Author: Jean-Claude Muller, 穆卓Executive Editor at BtoBioInnovation firstname.lastname@example.org
SPECIAL REPORT #23
US FDA approves Zolgnesma®, the world most expensive drug at $2.1 million
Last week the US FDA approved Novartis Zolgensma®, a gene therapy for the treatment of patients younger than two years of age who have been diagnosed with spinal muscular atrophy (SMA) and who were pre-symptomatic at diagnosis. The clinical trials on which Zolgensma® the approval was based involves just 36 people. Novartis has announced that it was pricing the one-time treatment at a record high of $2.125 million.
SMA, is a genetic disease that causes debilitating muscle weakness and paralysis and is a leading cause of infant mortality. About 1 in 11,000 babies are born with spinal muscular atrophy and children with SMN1 (Survival of Motor Neuron type often die before they turn the age of two. Zolgensma® was designed to address the genetic root cause of SMA by providing a fully functional copy of the defective SMN1 gene in order to stop disease progression with a single, one-time infusion. This treatment, which was pioneered by Dr. Martine Barkats, now at the Institut de Myologie in Paris (France) while she was a research scientist at Généthon in Evry (France) back in 2004, uses the viral vector AAV9 to introduce the corrected SMN1 gene. The drug was developed by AveXis and a full license agreement has been concluded between AveXis and Généthon in March 2018. In April 2018, Novartis acquired AveXis for $8.7 billion with the intention to transform care in SMA and expand its position as a gene therapy and a Neuroscience leader.

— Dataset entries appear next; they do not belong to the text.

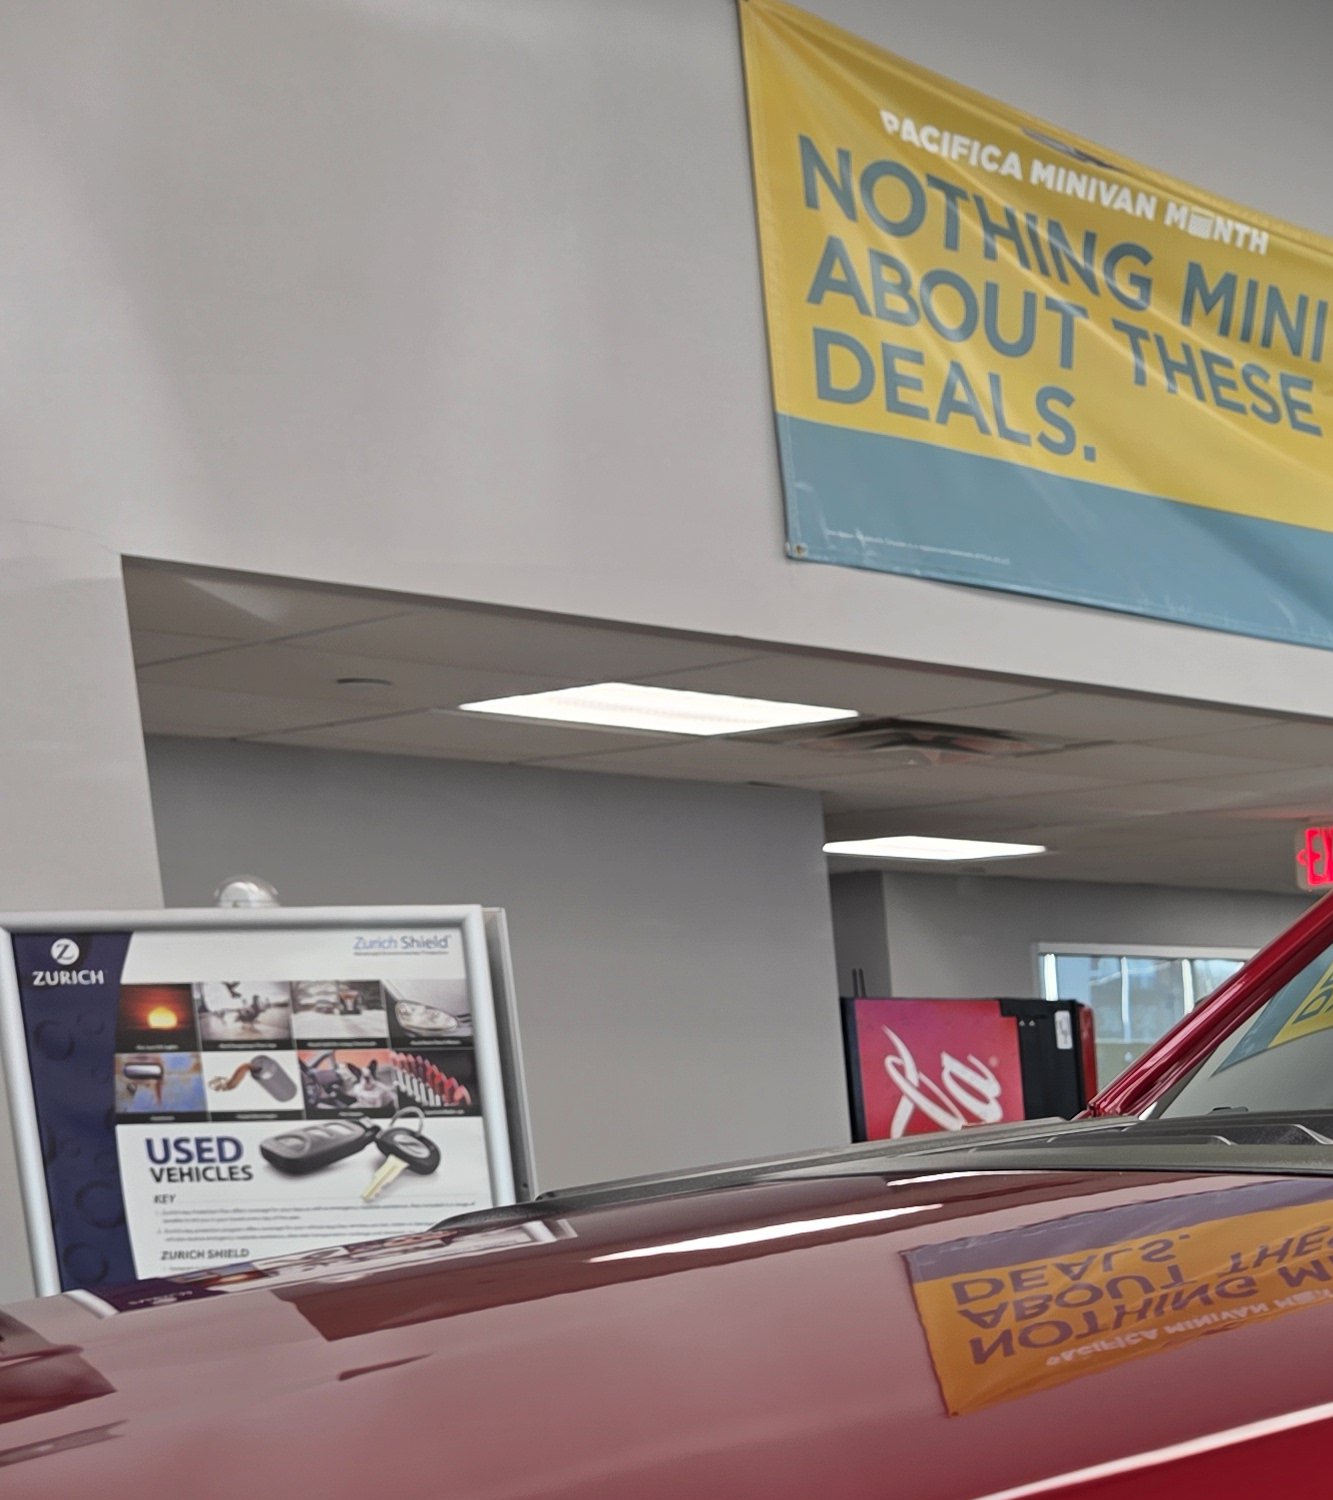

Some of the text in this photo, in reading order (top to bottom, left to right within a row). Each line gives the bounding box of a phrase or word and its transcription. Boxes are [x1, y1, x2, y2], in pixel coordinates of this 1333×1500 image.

[880, 110, 1270, 256] PACIFICA MINIVAN MNTH
[798, 133, 1329, 363] NOTHING MINI
[805, 235, 1323, 437] ABOUT THESE
[811, 327, 1096, 463] DEALS.
[353, 935, 398, 950] Zurich
[32, 969, 104, 986] ZURICH
[145, 1136, 243, 1164] USED
[150, 1164, 253, 1182] VEHICLES
[154, 1194, 176, 1204] KEY
[161, 1248, 250, 1260] ZURICH SHIELD
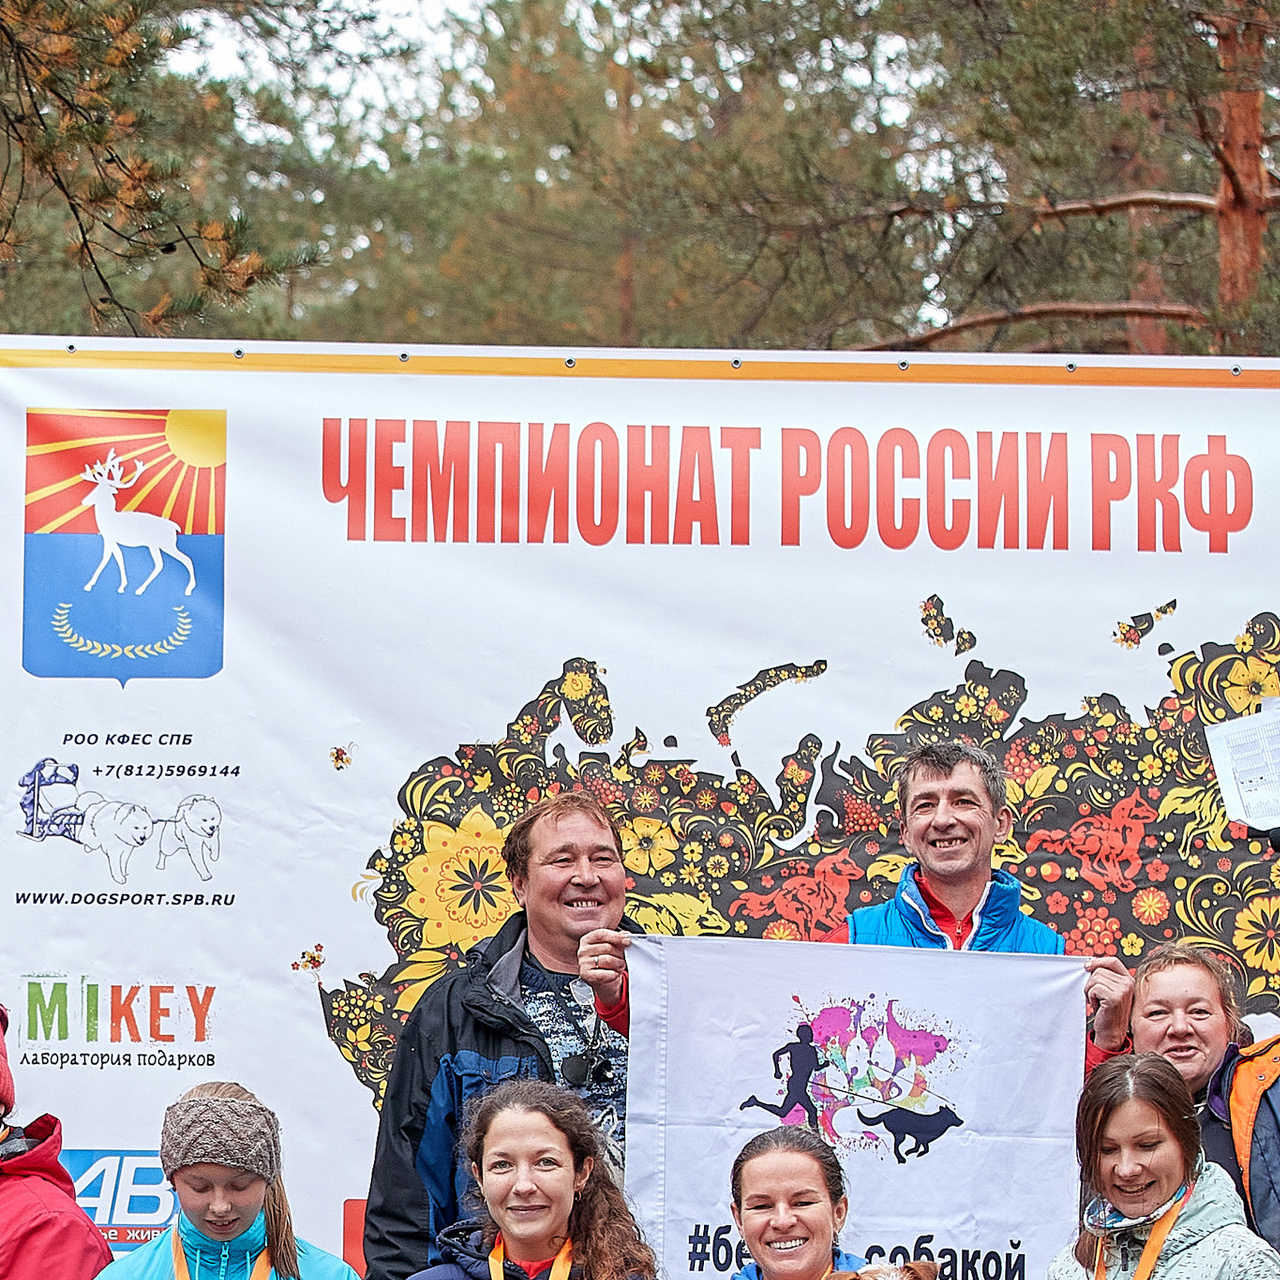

Over the last weeks there has been an intensive debate over what a gene therapy is worth and Novartis had been rumored to estimate Zolgensma® to be cost-effective at up to $5 million per patient. A recent review by the US independent price watchdog ICER (Institute for Clinical and Economic Review) concluded that this estimate was excessive. The company now has decided to roll out the drug in the US with a list price of $2.125 million per treatment. Novartis was quick to point out that the price comes out at $425,000 per year for five years which is far less that the 10-year cost of current Biogen’s Spinraza, approved in late 2016. Spinraza requires infusion into the spinal canal every four months. Its list price of $750,000 for the initial year and $375,000 annually for another nine years would bring the total cost at $4.125 million assuming the price is never hiked.
At this stage it is worthwhile the pinpoint at the difference between the two drugs. Zolgensma® uses a viral vector to inject the malfunctioning genetic SMN1 code directly in the targeted cells, namely the moto neuron cells which then start producing the normal SMN1 protein by themselves. The result is a cure from a one-time treatment. Spinraza is an antisense oligonucleotide which binds to RNA genetic code and blocks the transcription at a given spot. In SMA patients, SMN1 which usually codes for full SMN is mutated and does not work because of a “stop” code right before a critical part of the gene coding for SMN is transcribed. Spinraza is blocking this “stop” code and allows the transcription to continue to produce a full SMN protein from the remaining SMN2 gene.
Quoting Mayer Winkler from Seeking Alpha, one could said: “Would you rather Buy a Gene from Novartis’ Zolgensma® or Rent a Gene from Biogen’ Spinraza.” Both drugs have different features in terms of efficacy and side effects. Zolgensma® requires a one-time treatment and no maintenance with half price of Spinraza. But Zolgensma® is only applicable to about 80% of SMA patients because some have an antibody against the virus used to deliver the gene. In addition, Zolgensma® comes with a warning for acute serious liver injury. Spinraza works in all SMA patients but there is a strong hint that there is an increased risk of bleeding and of kidney toxicity. In terms of efficacy the available clinical data so far gives an advantage to Zolgensma® where 75% of the 12 patients in the phase I trial, were able to sit without support at 24 months and 2 patients were able to stand and walk unassisted. In the ongoing phase III trial 47,6% of patients were able to sit by themselves and 13 of 19 survived without ventilation for 14 months. With Spinraza, similar to Zolgensma®, 23% of patients died and only 40% responded to treatment. This is however much better than placebo at 0% overall.
Novartis has “established readiness ahead of the US approval” with 60 medical centers on board to send blood for genetic manipulation and then deliver the re-engineered product and claims to be already in a position to reach 80% of US infants with SMA. As for manufacturing Novartis indicated that it had more than 1 million square feet of manufacturing being prepared to ramp up.
Access of Zolgensma® to European and Asian patients is at the top of Novartis as well as SMA Europe’s agenda. All over the world the same question will however be raised “who is going to pay for it”.